WHAT THIS TASK INVOLVES: Your task is to give the records again exactly. Leave each picture out.

MATERIAL FOR THIS EXERCISE:
►
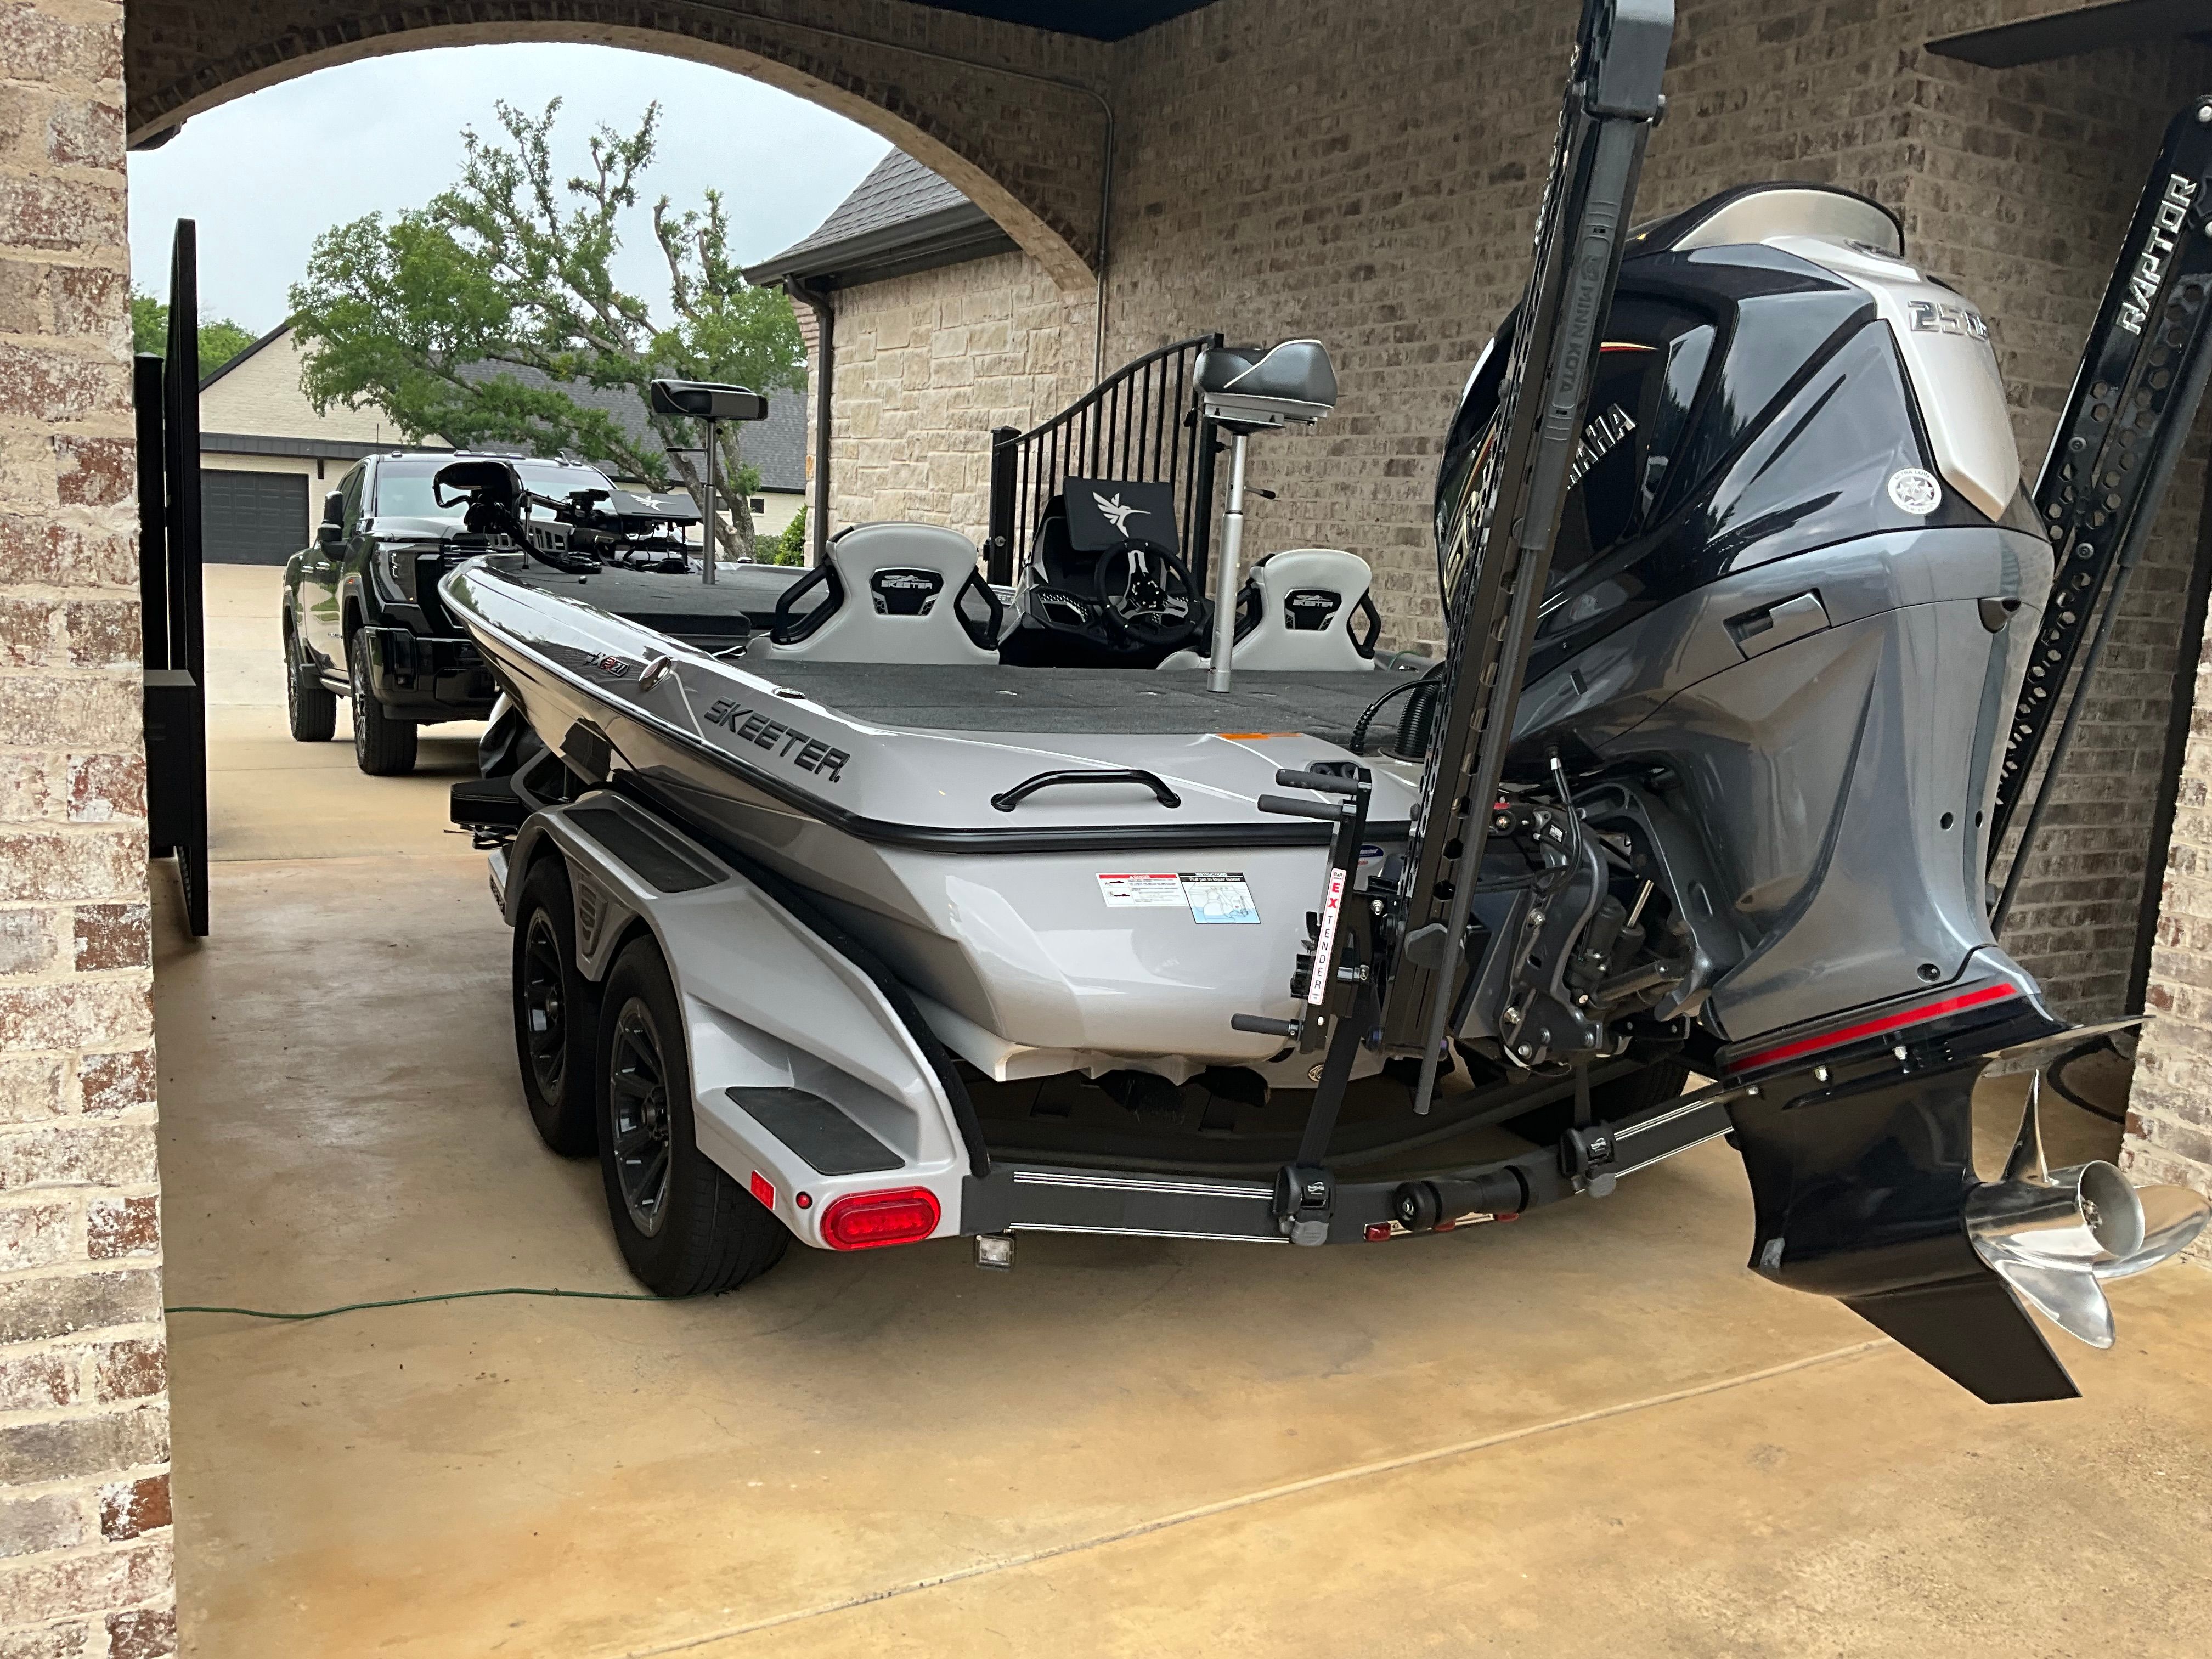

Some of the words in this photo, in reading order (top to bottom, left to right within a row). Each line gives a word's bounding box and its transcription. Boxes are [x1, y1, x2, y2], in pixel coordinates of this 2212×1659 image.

[2115, 173, 2197, 335] RAPTOR
[1573, 285, 1595, 338] MINN
[1559, 342, 1582, 393] KOTA
[881, 580, 933, 589] SKEETER
[1293, 599, 1333, 607] SKEETER
[704, 696, 850, 782] SKEETER
◄
TASK SOLUTION:
Some of the words in this photo, in reading order (top to bottom, left to right within a row). Each line gives a word's bounding box and its transcription. Boxes are [x1, y1, x2, y2], in pixel coordinates of this 2212×1659 image.

[2115, 173, 2197, 335] RAPTOR
[1573, 285, 1595, 338] MINN
[1559, 342, 1582, 393] KOTA
[881, 580, 933, 589] SKEETER
[1293, 599, 1333, 607] SKEETER
[704, 696, 850, 782] SKEETER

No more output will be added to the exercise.